__Saved entries__
BEGIN
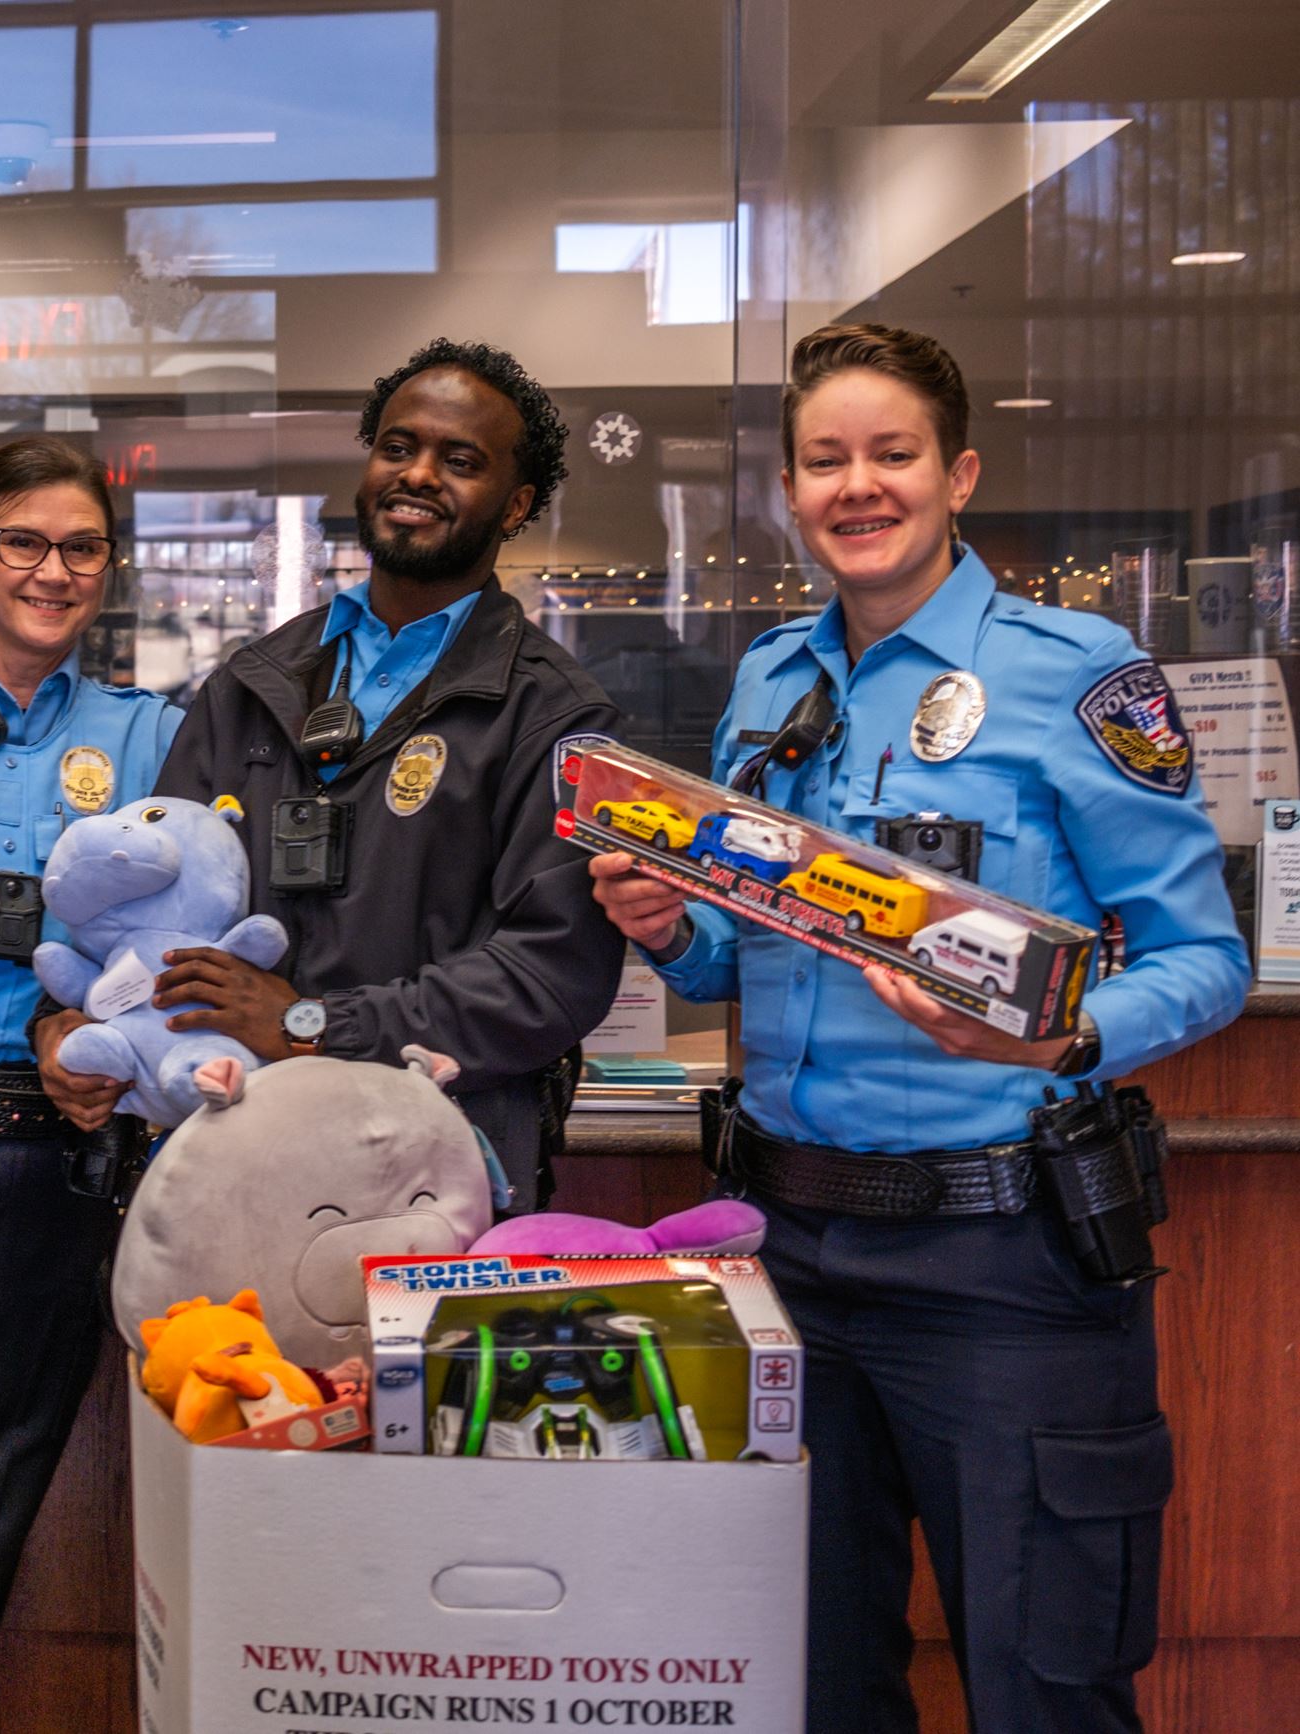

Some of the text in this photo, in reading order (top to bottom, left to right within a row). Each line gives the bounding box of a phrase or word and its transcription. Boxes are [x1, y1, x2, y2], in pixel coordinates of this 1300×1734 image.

[1091, 676, 1167, 731] POLICE
[1194, 719, 1217, 732] $10
[708, 864, 737, 890] MY
[738, 878, 776, 905] CITY
[778, 894, 847, 937] STREETS
[378, 1260, 503, 1281] STORM
[402, 1269, 564, 1292] TWISTER
[384, 1422, 410, 1439] 6+
[241, 1644, 752, 1684] NEW, UNWRAPPED TOYS ONLY
[252, 1687, 736, 1726] CAMPAIGN RUNS 1 OCTOBER
END
__Work to be completed__
No picture belongs in the copy. Print every entry above exactly as it stands.

__Output__
Some of the text in this photo, in reading order (top to bottom, left to right within a row). Each line gives the bounding box of a phrase or word and its transcription. Boxes are [x1, y1, x2, y2], in pixel coordinates of this 1300×1734 image.

[1091, 676, 1167, 731] POLICE
[1194, 719, 1217, 732] $10
[708, 864, 737, 890] MY
[738, 878, 776, 905] CITY
[778, 894, 847, 937] STREETS
[378, 1260, 503, 1281] STORM
[402, 1269, 564, 1292] TWISTER
[384, 1422, 410, 1439] 6+
[241, 1644, 752, 1684] NEW, UNWRAPPED TOYS ONLY
[252, 1687, 736, 1726] CAMPAIGN RUNS 1 OCTOBER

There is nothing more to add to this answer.